▶ Exercise brief: Please return the listing exactly as written, but without its pictures.

::::::::::

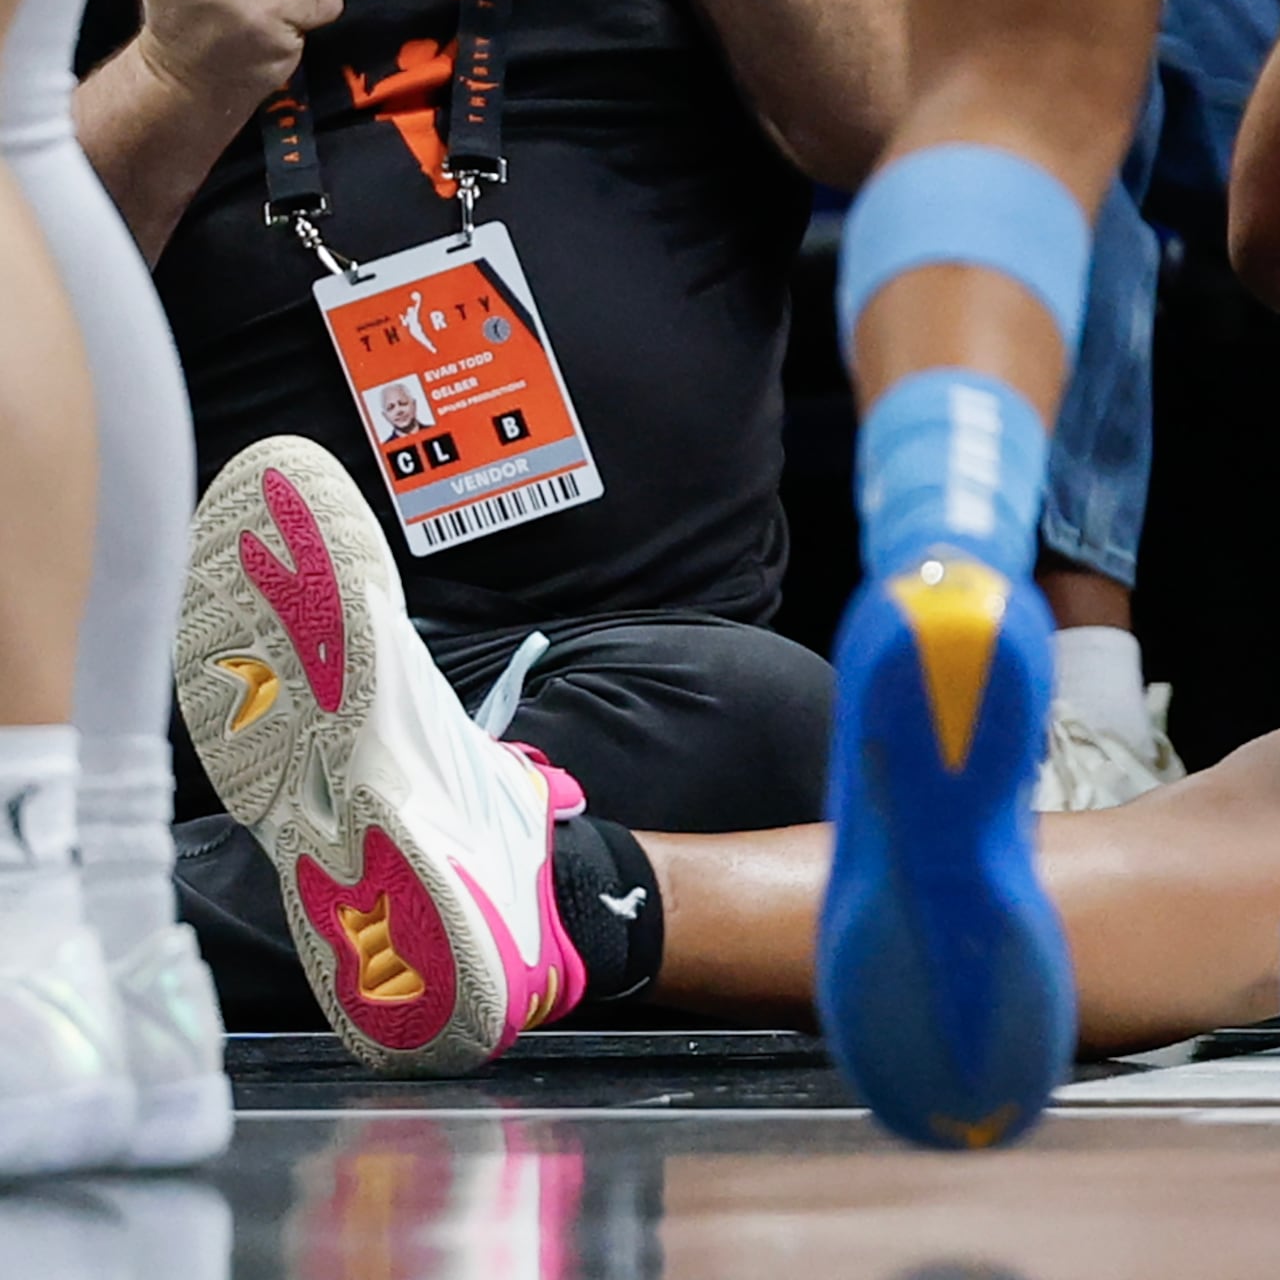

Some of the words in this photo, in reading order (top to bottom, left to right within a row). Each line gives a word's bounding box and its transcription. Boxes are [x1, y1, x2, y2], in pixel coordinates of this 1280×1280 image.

[424, 362, 458, 383] EVAN
[459, 351, 494, 370] TODD
[397, 452, 415, 474] C
[432, 441, 450, 462] L
[501, 416, 521, 439] B
[450, 458, 530, 495] VENDOR
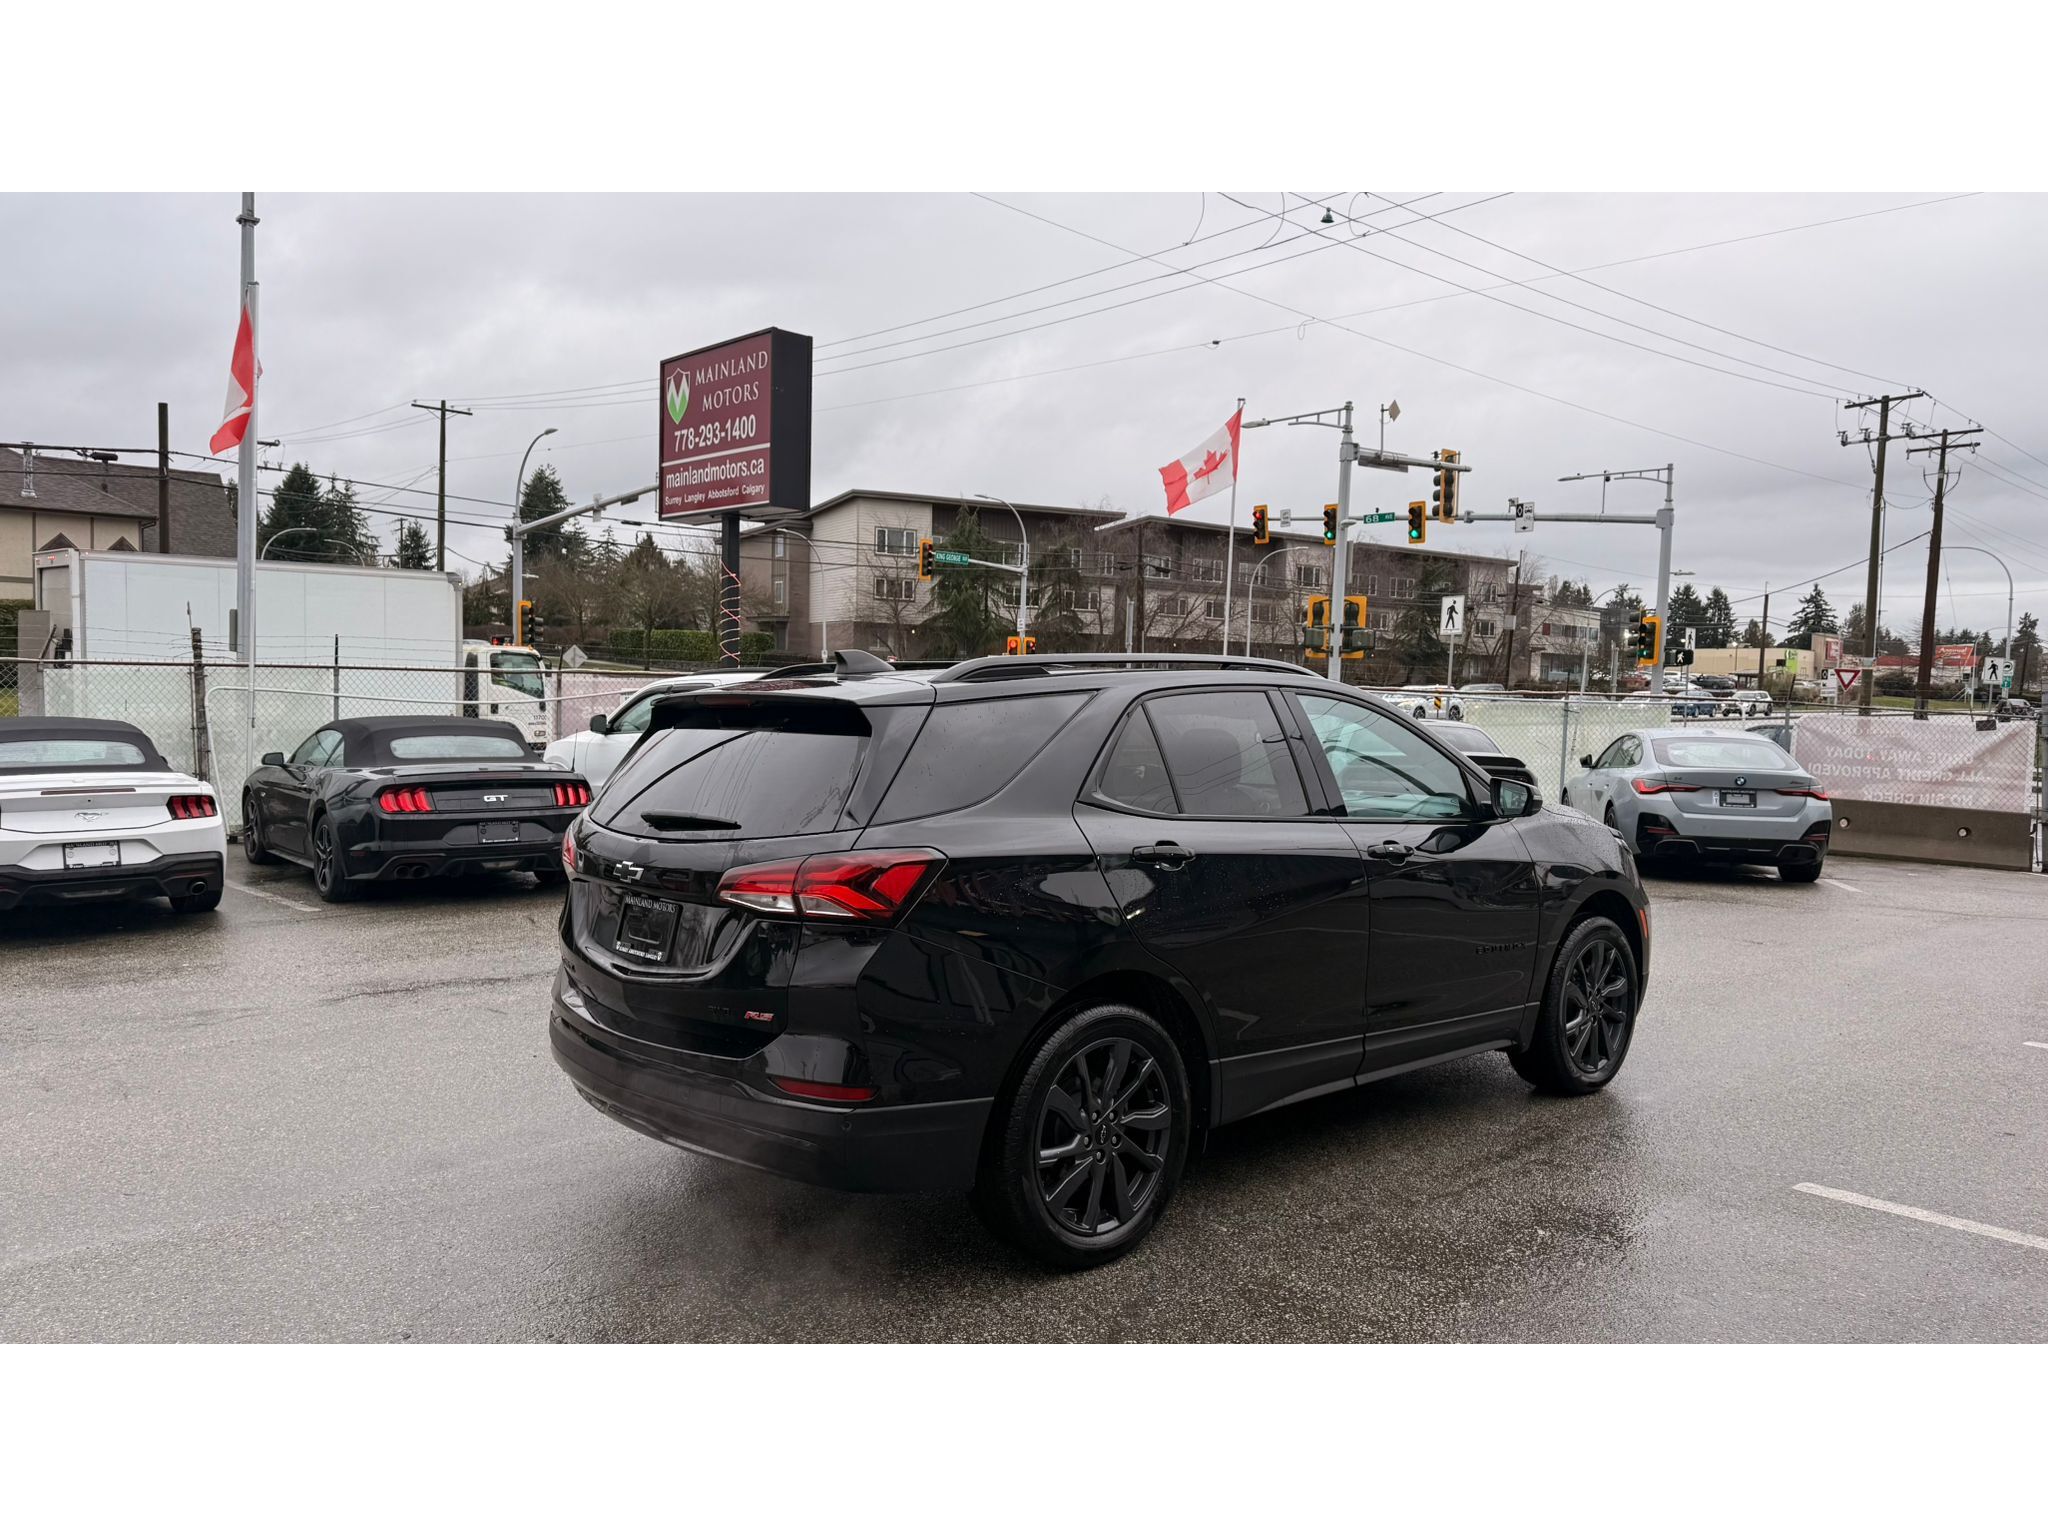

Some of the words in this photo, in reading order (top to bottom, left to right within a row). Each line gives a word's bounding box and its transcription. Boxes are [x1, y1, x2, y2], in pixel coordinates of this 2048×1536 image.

[695, 351, 768, 386] MAINLAND
[702, 381, 759, 412] MOTORS
[674, 414, 756, 452] 778-293-1400
[666, 458, 764, 488] mainlandmotors.ca
[665, 496, 682, 505] Surrey
[684, 492, 705, 504] Langley
[707, 486, 739, 499] Abbotsford
[741, 484, 765, 496] Calgary
[1365, 514, 1379, 523] 68
[625, 896, 652, 908] MAINLAND
[653, 901, 677, 913] MOTORS
[744, 1010, 774, 1021] RS
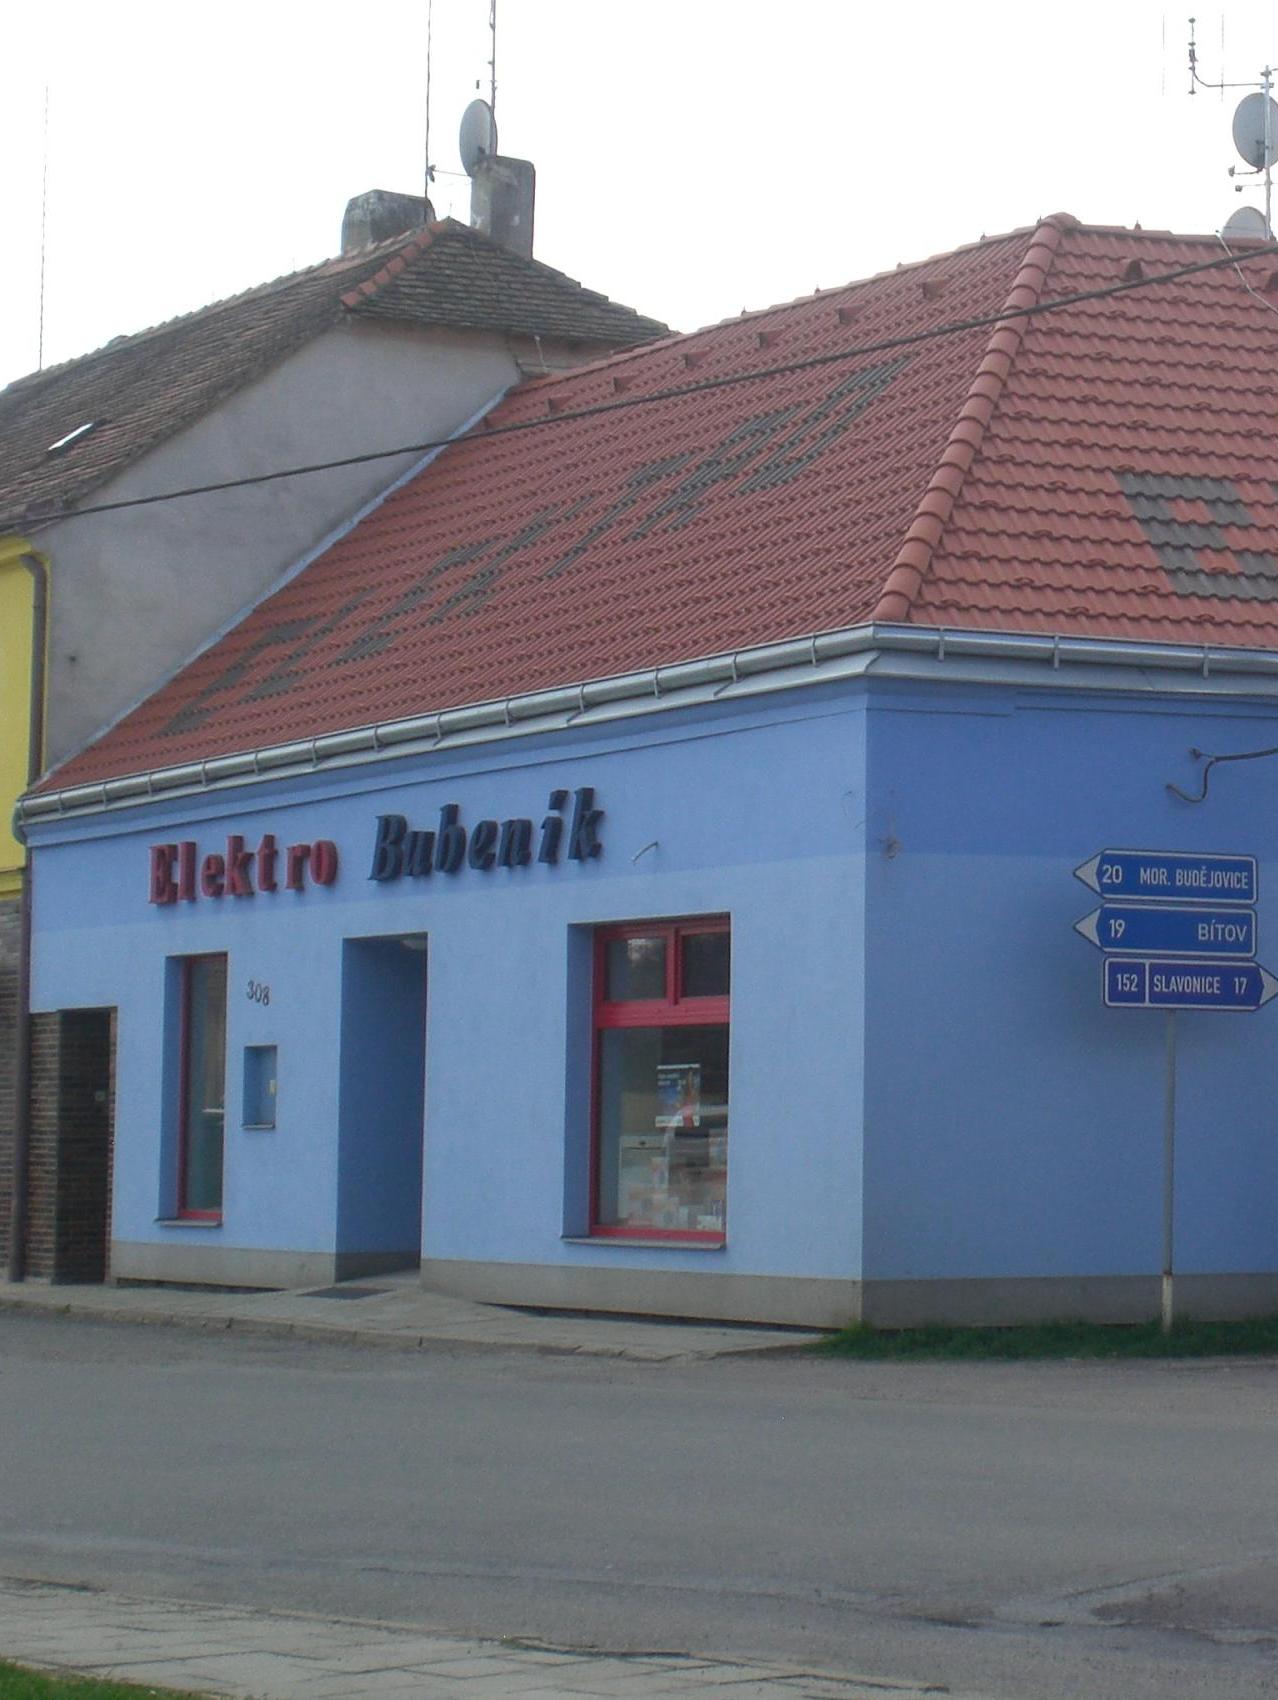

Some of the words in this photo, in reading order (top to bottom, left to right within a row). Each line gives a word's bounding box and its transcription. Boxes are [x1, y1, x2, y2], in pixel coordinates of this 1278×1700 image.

[148, 834, 339, 905] Elektro
[1102, 865, 1123, 884] 20
[1140, 867, 1171, 886] MOR.
[1176, 866, 1249, 889] BUDĚJOVICE
[1109, 919, 1126, 938] 19
[1198, 919, 1248, 941] BÍTOV
[246, 979, 270, 1007] 308
[1116, 974, 1138, 993] 152
[1153, 976, 1221, 994] SLAVONICE
[1234, 977, 1247, 995] 17
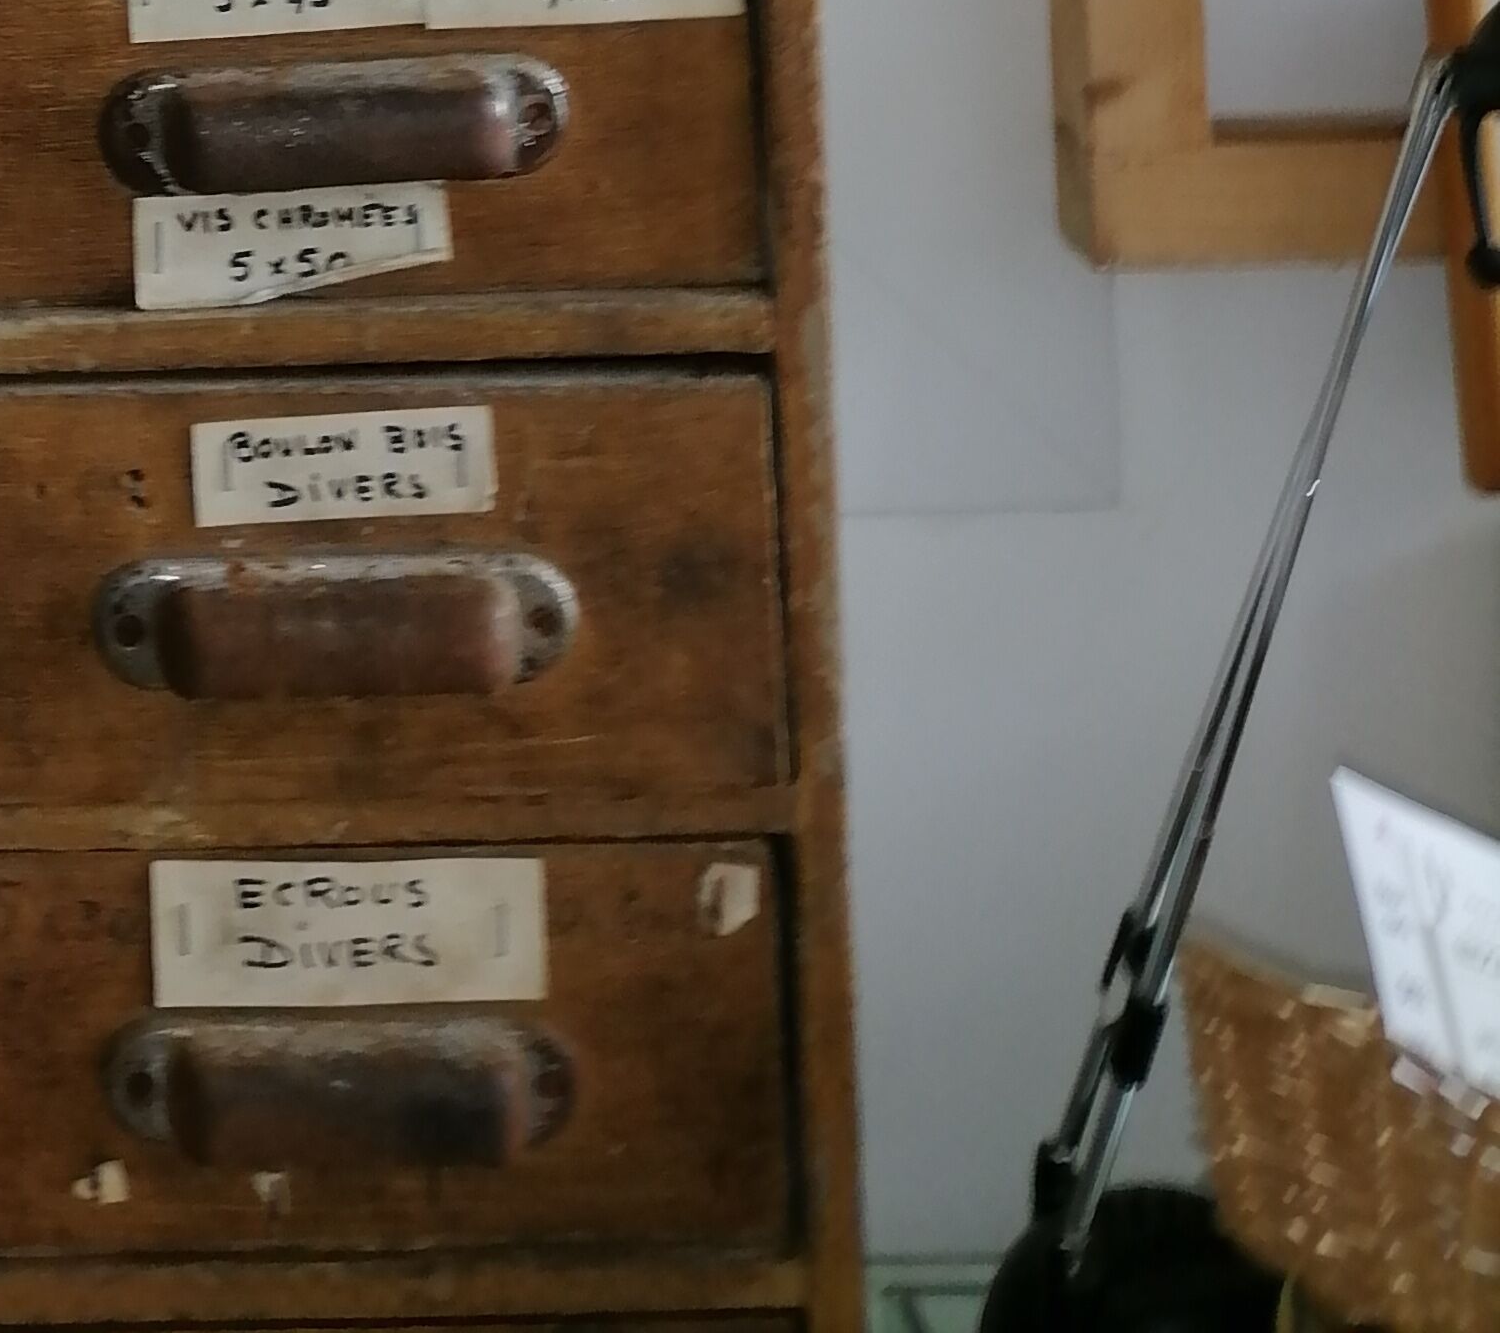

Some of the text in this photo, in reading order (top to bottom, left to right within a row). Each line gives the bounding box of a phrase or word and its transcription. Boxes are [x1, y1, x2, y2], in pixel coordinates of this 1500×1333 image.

[177, 207, 232, 233] VIS
[234, 876, 430, 909] ECROUS
[237, 934, 440, 969] DIVERS

::::::::::

▶ Solution to this problem:
Some of the words in this photo, in reading order (top to bottom, left to right within a row). Each line gives a word's bounding box and its transcription. Boxes are [x1, y1, x2, y2], in pixel coordinates of this 1280×1280 image.

[424, 362, 458, 383] EVAN
[459, 351, 494, 370] TODD
[397, 452, 415, 474] C
[432, 441, 450, 462] L
[501, 416, 521, 439] B
[450, 458, 530, 495] VENDOR

Some of the words in this photo, in reading order (top to bottom, left to right within a row). Each line gives a word's bounding box and its transcription. Boxes are [x1, y1, x2, y2], in pixel coordinates of this 2048×1536 image.

[695, 351, 768, 386] MAINLAND
[702, 381, 759, 412] MOTORS
[674, 414, 756, 452] 778-293-1400
[666, 458, 764, 488] mainlandmotors.ca
[665, 496, 682, 505] Surrey
[684, 492, 705, 504] Langley
[707, 486, 739, 499] Abbotsford
[741, 484, 765, 496] Calgary
[1365, 514, 1379, 523] 68
[625, 896, 652, 908] MAINLAND
[653, 901, 677, 913] MOTORS
[744, 1010, 774, 1021] RS

Some of the words in this photo, in reading order (top to bottom, left to right within a row). Each line gives a word's bounding box and its transcription. Boxes are [x1, y1, x2, y2], in pixel coordinates of this 1278×1700 image.

[148, 834, 339, 905] Elektro
[1102, 865, 1123, 884] 20
[1140, 867, 1171, 886] MOR.
[1176, 866, 1249, 889] BUDĚJOVICE
[1109, 919, 1126, 938] 19
[1198, 919, 1248, 941] BÍTOV
[246, 979, 270, 1007] 308
[1116, 974, 1138, 993] 152
[1153, 976, 1221, 994] SLAVONICE
[1234, 977, 1247, 995] 17

Some of the text in this photo, in reading order (top to bottom, left to right within a row). Each line gives the bounding box of a phrase or word and its transcription. Boxes are [x1, y1, x2, y2], in pixel coordinates of this 1500×1333 image.

[177, 207, 232, 233] VIS
[234, 876, 430, 909] ECROUS
[237, 934, 440, 969] DIVERS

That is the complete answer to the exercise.